Stored items =
_ _ _ _ _ _ _
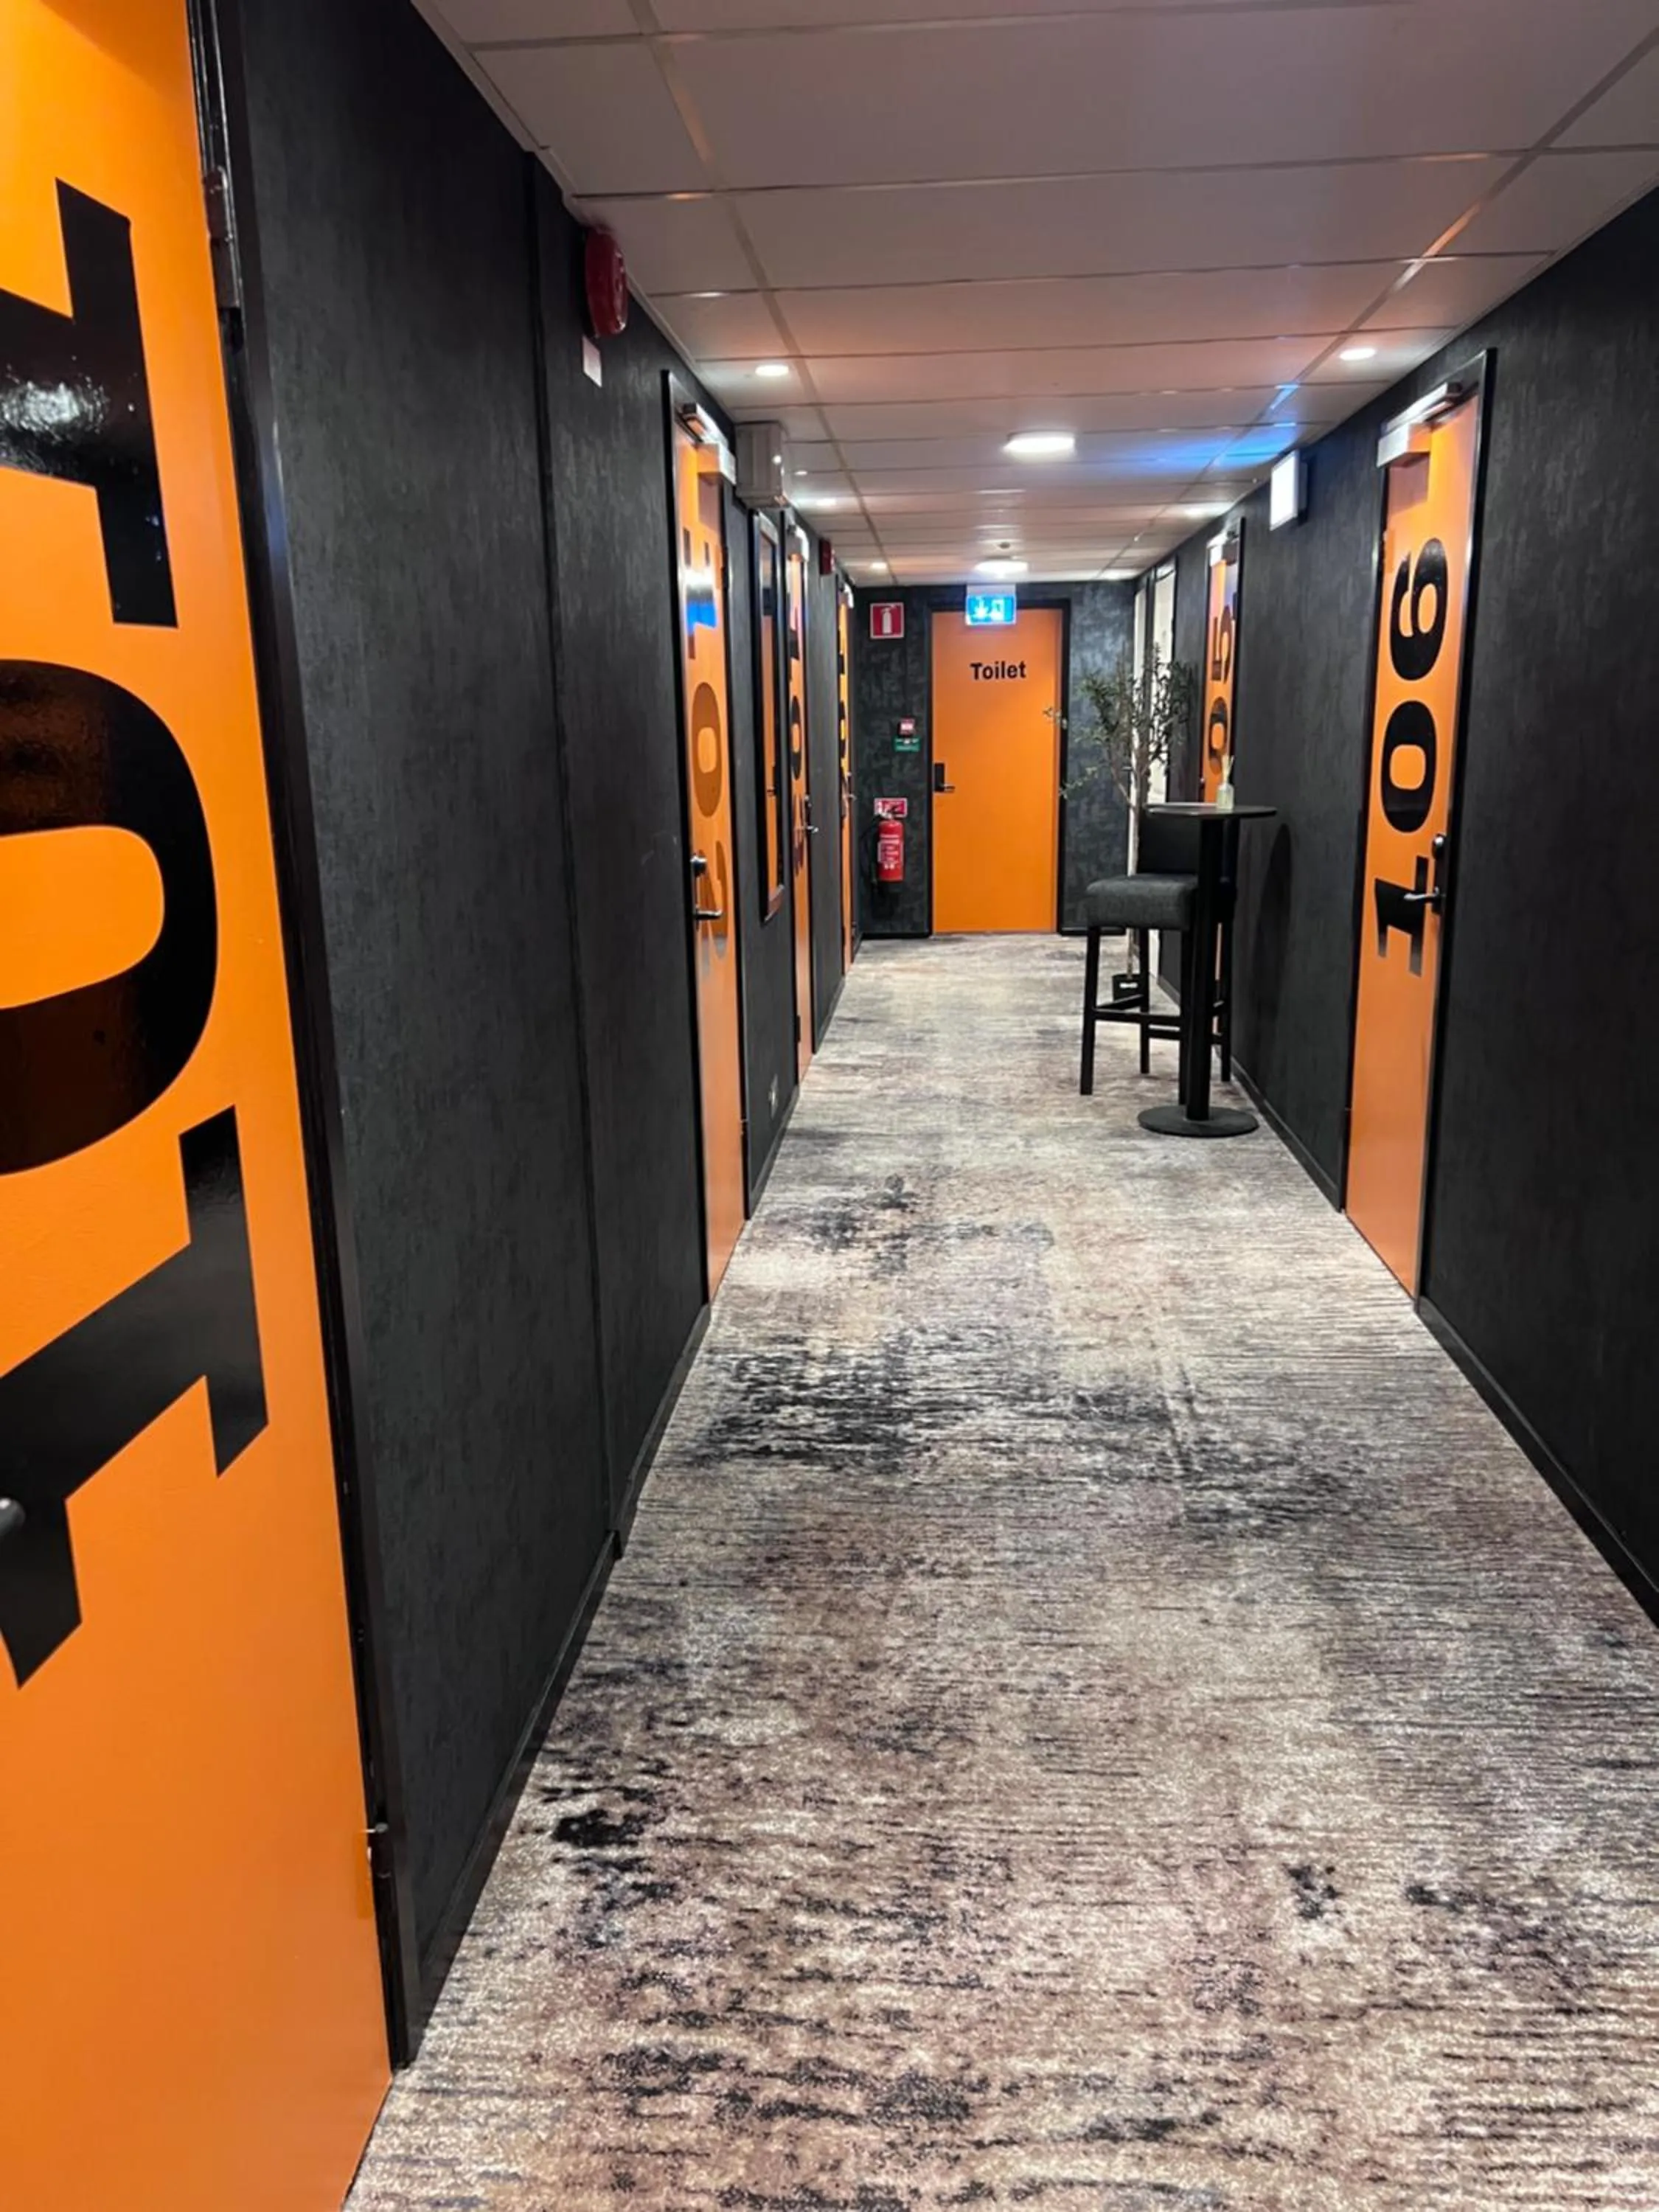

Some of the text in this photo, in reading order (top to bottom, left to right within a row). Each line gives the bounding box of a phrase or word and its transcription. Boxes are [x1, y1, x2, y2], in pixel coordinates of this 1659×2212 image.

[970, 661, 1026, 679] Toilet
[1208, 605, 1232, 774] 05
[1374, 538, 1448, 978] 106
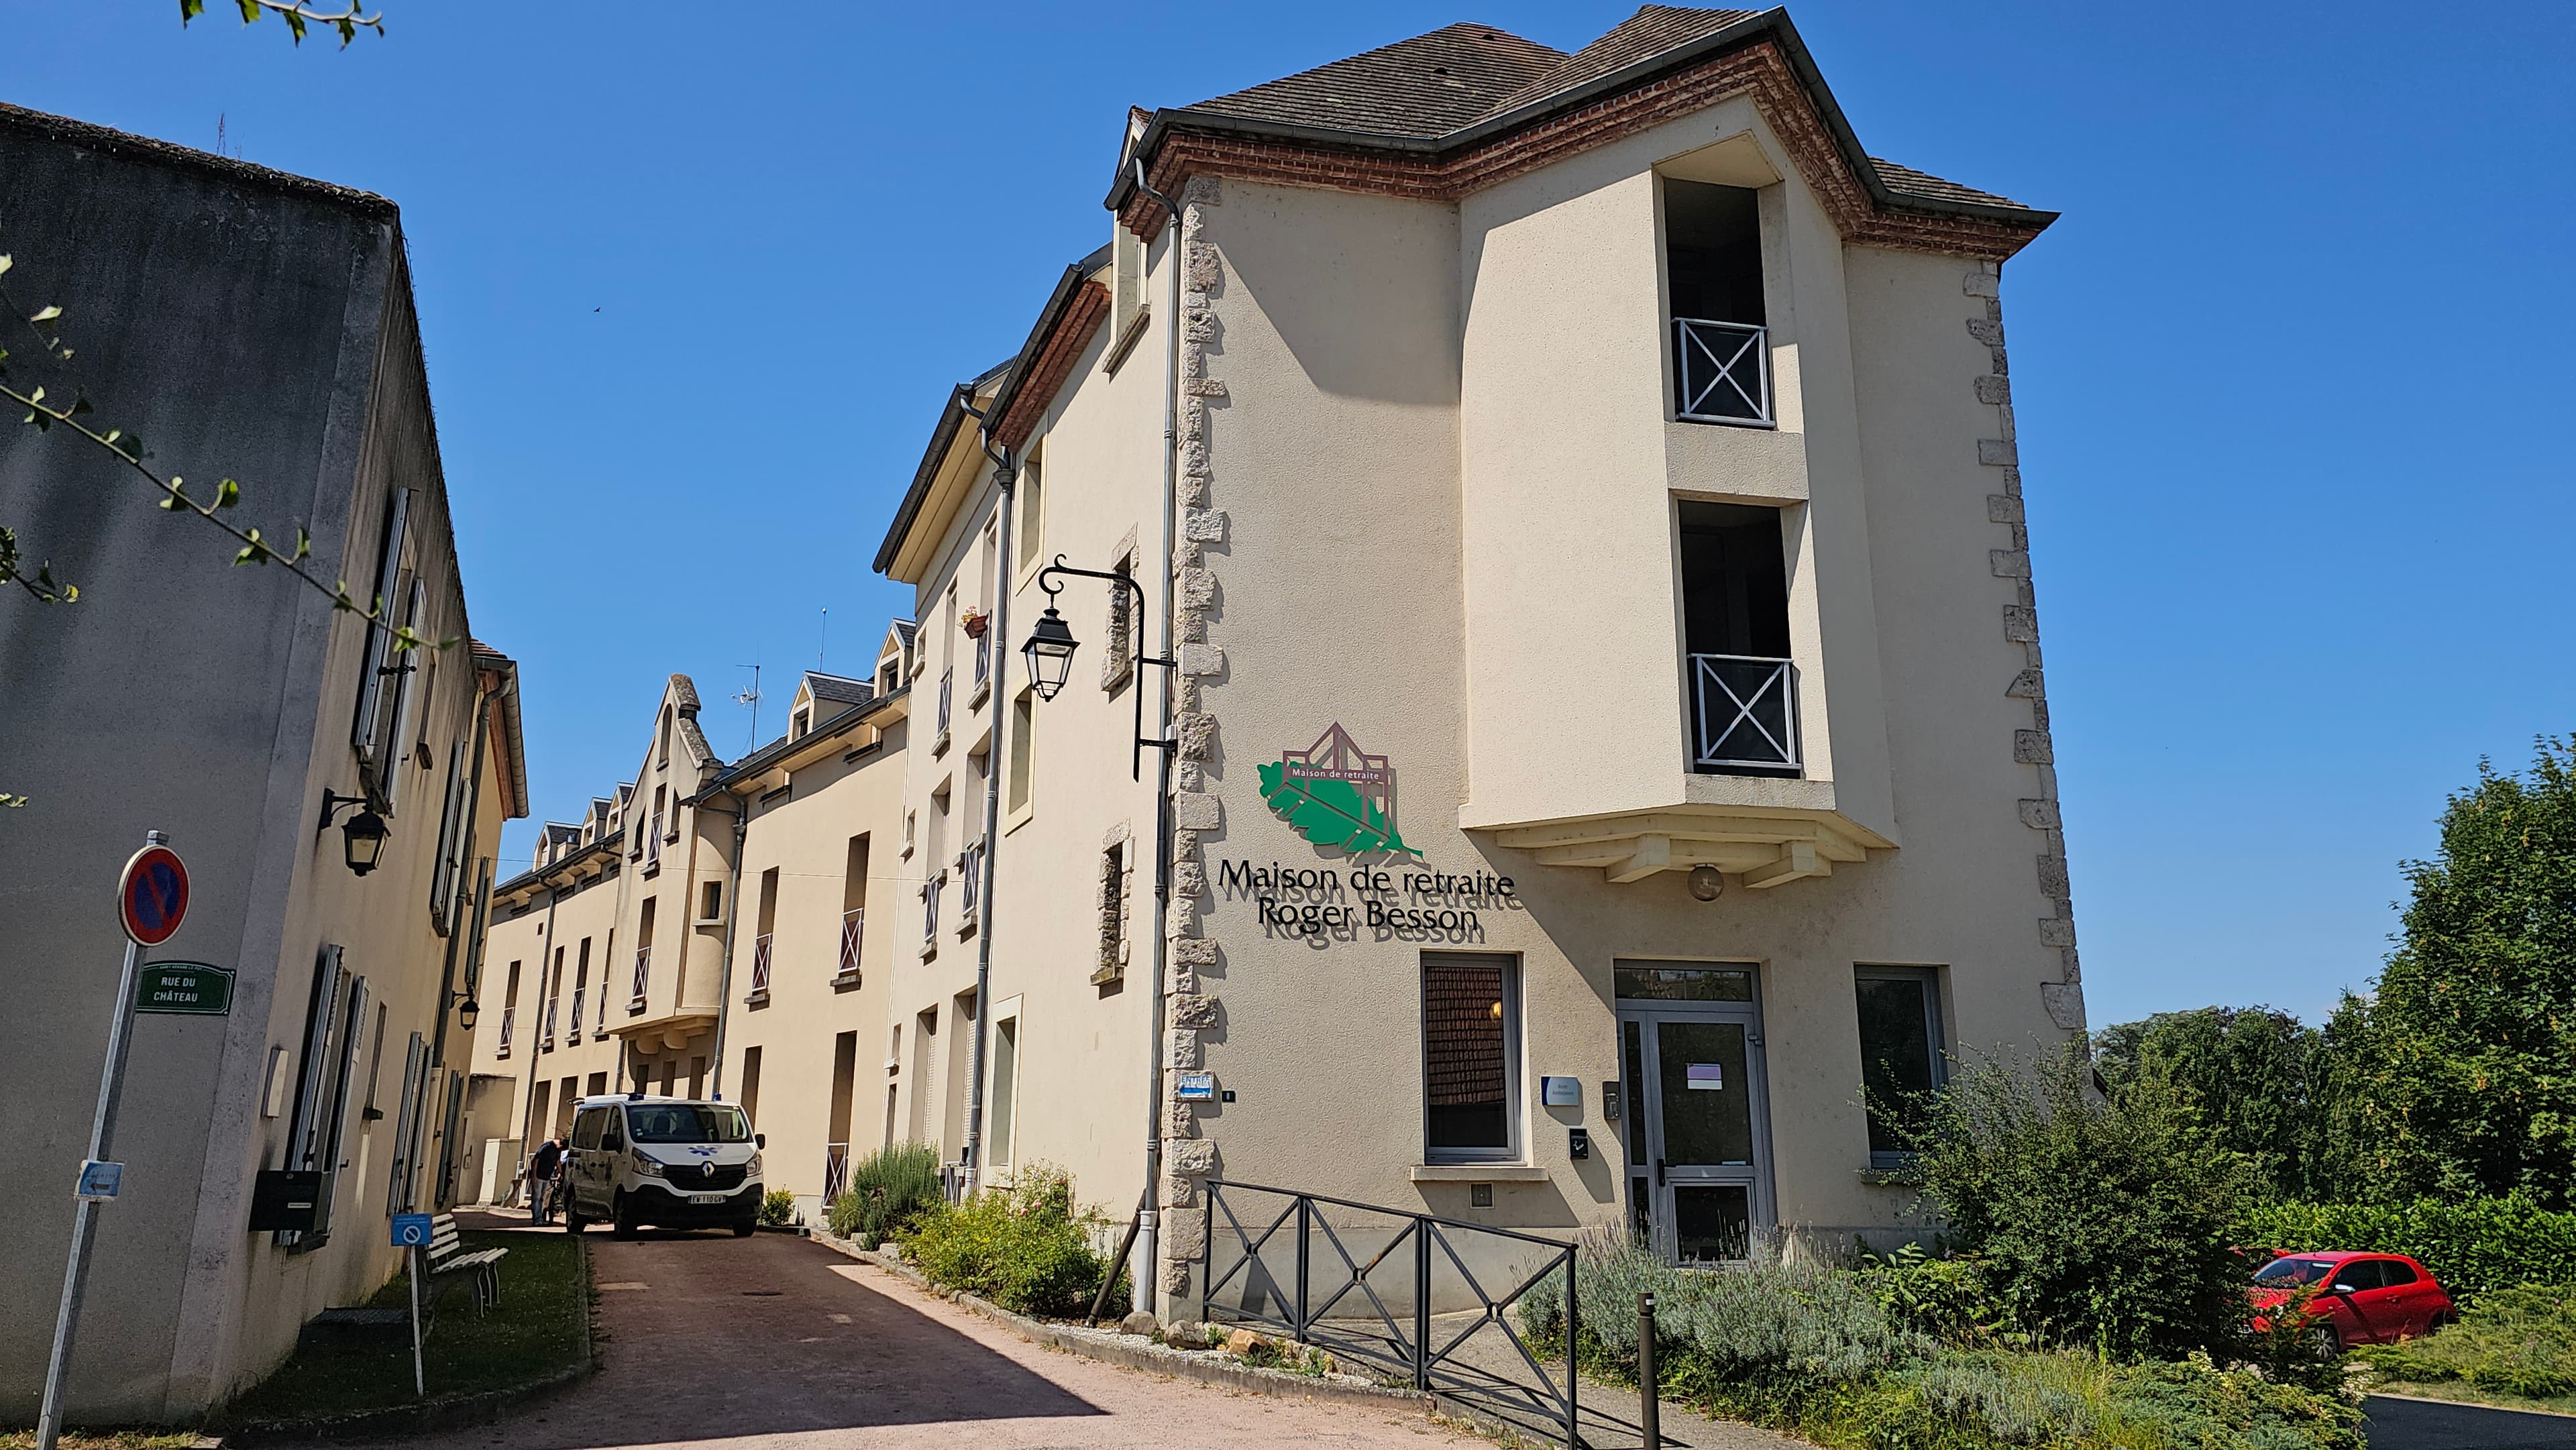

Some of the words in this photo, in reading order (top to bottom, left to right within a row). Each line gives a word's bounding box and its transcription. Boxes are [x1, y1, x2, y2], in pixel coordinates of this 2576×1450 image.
_ _ _ _ _ _ _
Exercise goal = Repeat each record as given. No picture belongs in the copy.

Task solution =
Some of the text in this photo, in reading order (top to bottom, left to right within a row). Each line gives the bounding box of a phrase or word and its transcription. Boxes are [x1, y1, x2, y2], in pixel coordinates of this 1659×2212 image.

[970, 661, 1026, 679] Toilet
[1208, 605, 1232, 774] 05
[1374, 538, 1448, 978] 106

Some of the words in this photo, in reading order (top to bottom, left to right within a row). Each line gives a word's bounding box and its transcription. Boxes are [x1, y1, x2, y2], in pixel coordinates of this 2576×1450 image.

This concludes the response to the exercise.